A common thread of my research effort is the study and engineering of cooperative mechanisms. I studied superradiance and other emergent phenomena arising in solid-state cavity quantum electrodynamics (QED). I also develop scientific software, focusing on ways in which the research community can cooperatively contribute, empowering science at scale.

More precisely, I actively pursue different lines of research: open-source quantum software, quantum error mitigation, and cooperative effects in driven-dissipative open quantum systems out of equilibrium.

You can find the full list of publications here.

Open-source quantum software

I develop and maintain open-source software that implements numerical methods with applications in “quantum technology” and quantum optics and quantum compting research.

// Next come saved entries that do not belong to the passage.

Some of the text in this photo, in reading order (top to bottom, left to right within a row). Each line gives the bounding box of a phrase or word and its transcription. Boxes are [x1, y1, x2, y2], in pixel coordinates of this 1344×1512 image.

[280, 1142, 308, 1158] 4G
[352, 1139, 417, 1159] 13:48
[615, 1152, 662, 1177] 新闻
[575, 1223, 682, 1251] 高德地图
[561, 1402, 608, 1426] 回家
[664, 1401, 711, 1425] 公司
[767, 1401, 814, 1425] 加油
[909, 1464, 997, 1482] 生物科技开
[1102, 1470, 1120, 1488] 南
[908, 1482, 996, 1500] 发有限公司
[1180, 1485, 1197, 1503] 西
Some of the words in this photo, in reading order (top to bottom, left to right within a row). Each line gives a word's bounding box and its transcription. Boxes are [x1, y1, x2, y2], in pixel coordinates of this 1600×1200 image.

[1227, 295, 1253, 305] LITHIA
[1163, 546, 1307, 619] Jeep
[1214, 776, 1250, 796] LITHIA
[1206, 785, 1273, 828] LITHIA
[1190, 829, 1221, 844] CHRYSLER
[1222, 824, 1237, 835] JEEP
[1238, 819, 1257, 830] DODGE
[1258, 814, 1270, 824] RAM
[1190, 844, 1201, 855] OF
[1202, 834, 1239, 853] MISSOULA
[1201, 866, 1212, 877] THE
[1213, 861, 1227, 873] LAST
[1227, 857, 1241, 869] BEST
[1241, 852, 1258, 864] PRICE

I am one of the creators and maintainers of Mitiq, a quantum error mitigation toolkit in Python. Since 2018, I am a contributor to (and now admin of) QuTiP, the quantum toolbox in Python, for which I co-developed the PIQS module, which uses permutational symmetry to reduce the computational resources required to describe effectively collective dynamics.

I see open-source software development more as a method than a proper theme of research, but on the other side, the numerical perspective it provides does affect the way one can see a problem. For example, the Liouvillian superoperator describing an open quantum system dynamics can be seen not only as a linear functional but also represented with a concrete matrix, whose properties can be numerically studied, such as its spectrum and eigenstates.

R. LaRose et al., arXiv:2009.04417, Mitiq

H. Silvério & S. Grijalva et al., Quantum 6, 629 (2022) Link, Pulser

B. Li et al., Quantum 6, 630 (2022) Link, QuTiP-QIP

N. Shammah et al., Physical Review A 98, 063815 (2018), PIQS

More info in the Code page.

Quantum Error Mitigation

I am interested in how we can improve the performance of noisy quantum computers with theoretical methods and software tools. Quantum error mitigation is an alternative approach to quantum error correction that does not bring similar overheads in terms of qubits – at the cost of higher sampling overhead. I am interested in designing various approaches at the gate (digital) level and benchmarking against quantum processing units of different architectures (as different hardware experiences different noise). Quantum error mitigation can also be used to hybridize quantum error correction schemes and adopt them with higher level of noise.

M. Wahl et al., arXiv:2304.14985.

R. LaRose et al., Quantum 6, 774 (2022).

K. Schultz et al., Phys. Rev. A 106, 052406 (2022).

B. McDonough et al., ACM/IEEE Int Workshop QCS (2022).

A. Mari et al., Phys. Rev. A 104, 052607 (2021).

Out-of-equilibrium many body quantum systems: Superradiance and cooperative phenomena

I am interested in the emerging dynamics of many-body quantum systems out of equilibrium. While at-equilibrium physics is well described by standard thermodynamics, out-of equilibrium systems, under external drive and undergoing dissipation, represent a much less characterized system model. I am interested in particular in macroscopic quantum effects, such as light emission induced by quantum vacuum instabilities in cavity QED, spin squeezing, superradiance, and chaos.

To tackle these problems I exploit symmetries of the models that can allow a feasible numerical approach by representing the dynamics with more compact algebraic operators and superoperators.

G.-Q. Zhang et al., PRX Quantum 2, 020307 (2021).

G. Piccitto et al., Physical Review B 104, 014307 (2021)

D. Huybrechts et al., Physical Review B 101, 214302 (2020)

N. Shammah et al., Physical Review A 98, 063815 (2018)

N. Shammah et al. Physical Review A 96, 023863 (2017)

Solid-state photonics and polaritonics

There has been considerable advancement in optoelectronic solid-state devices where light and matter hybridize to form quasiparticles known as polaritons. The same heterostructure technology has been used to engineer artificial quantum atoms with broken inversion symmetry, which opens up the possibility for unconventional light emission. Applications include Terahertz light emission, a range where there is a “technology gap” in our capability of detecting and emitting electromagnetic waves.

I use analytical techniques in perturbation theory and with non-perturbative approaches to treat the many-body physics of these electronic and photonic systems, which can often be described as a two-dimensional electron gas (2DEG) interacting with a photonic field.

M. Cirio et al., Physical Review Letters 122, 190403 (2019)

N. Shammah and S. De Liberato, Physical Review B 92, 201402 Rapid Comm. (2015)

N. Shammah et al., Physical Review B 89, 235309 (2014)